Posts Tagged ‘celebrate’

My immediate reaction to much of what I read online or in the paper is usually of interest, disgust or fatigued exasperation. Even when my reaction is a combination of all three, I usually don’t also think of a movie I haven’t seen in a long time.

Then I read about those recent wild, graduation parties,  opulently celebrating success and promotion — from the 8th grade. Interest; disgust; fatigued exasperation. Then, I thought:

It’s been a long time since I’ve seen The Incredibles.

Having seen animation from both sides of the Pacific, and a lot of it, I have some authority to say that among the Pacific-sized morass of crappy cartoons, The Incredibles stands out. Even years afterward, it remains one of the few that entirely avoids typical conventions: journeys of self-discovery, boneheaded comic relief henchmen and breaking into song.  It’s also one of the few movies with substantive depth.

The Incredibles had novel, distinct themes, and, like few other animated movies, had them in the plural sense. The most central theme went to the effect that “if everyone is incredible, then no one is.”

When I first saw the movie, it resonated.

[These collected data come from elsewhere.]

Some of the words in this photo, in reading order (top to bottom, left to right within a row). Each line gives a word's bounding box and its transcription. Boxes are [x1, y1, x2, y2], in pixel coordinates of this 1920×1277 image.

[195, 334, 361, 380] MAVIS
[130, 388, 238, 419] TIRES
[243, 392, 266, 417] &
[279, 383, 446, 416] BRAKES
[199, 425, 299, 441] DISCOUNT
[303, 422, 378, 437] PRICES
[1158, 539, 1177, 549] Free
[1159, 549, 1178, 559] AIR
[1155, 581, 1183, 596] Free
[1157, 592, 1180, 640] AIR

It shouldn’t surprise me that it also resonates with the idea of full-blown eighth-grade graduations.

In the last few weeks at Community Middle School in Plainsboro, N.J., year-end activities have included a formal dance; the Cameo awards, an Oscars-like ceremony for students in the television and video production classes; a trip to Hersheypark in Pennsylvania; and a general awards assembly. On Thursday evening there was a salute to the entire class. On Friday, the class picnic.

Community Middle’s veneration of its young teenagers is neither unique nor particularly excessive (the dance was in the gym). Across the country, in urban and suburban school districts, in rich communities and impoverished ones, eighth-grade celebrations now mimic high school or even college graduations: proms, the occasional limousine, renditions of “Pomp and Circumstance,” dignitaries speechifying and students in caps and gowns loping across the stage for diplomas. …

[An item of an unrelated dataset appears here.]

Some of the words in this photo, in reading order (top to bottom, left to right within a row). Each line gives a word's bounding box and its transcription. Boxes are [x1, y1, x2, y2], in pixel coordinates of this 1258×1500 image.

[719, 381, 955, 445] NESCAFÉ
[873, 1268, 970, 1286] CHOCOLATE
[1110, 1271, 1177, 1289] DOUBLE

In many towns the sophistication and expense of the graduations are surging. The Internet teems with teenagers seeking comments about dresses and hairstyles for year-end events. Party planners, caterers and invitation designers market themselves for eighth-grade parties.

The students at the middle school in Briarcliff Manor, N.Y., an affluent community, enjoy a dinner cruise with a D.J. around Manhattan. And in the stricken schools of Chicago’s South Side, Mr. Cowling said, “It’s a big business event: everyone has on a new outfit, manicures, pedicures, the hair” for a ceremony that can last two hours. “And then,” he said, “kids go to 5, 10 parties in the neighborhood, in hotels.”

What damage do we do to our kids, when we celebrate moving from the eighth grade to the ninth? How do they develop a sense of distinction, when everyone is distinguished? Do we really want to devalue success, for the sake of keeping everyone feeling good about themselves? Why feel good about doing the absolute minimum?

Ego egalitarianism is the wrong path. We need to encourage success and recognize failure, rather than give everyone that gold star of triviality. If not, we might end up like Kurt Vonnegut foretold, Madeline L’Engle affirmed, and Bob “Mr. Incredible” Barr ranted.

It is not a graduation. He is moving from the fourth grade to the fifth.

It’s a ceremony.

It’s psychotic. They keep coming up with new ways to celebrate mediocrity.

Celebrating marginal success encourages marginal success. That’s bad any way you look at it.

What are the appropriate lengths for celebrating an eighth grade graduation, so that it doesn’t encourage marginal success? How much is overkill, and how much is ideal?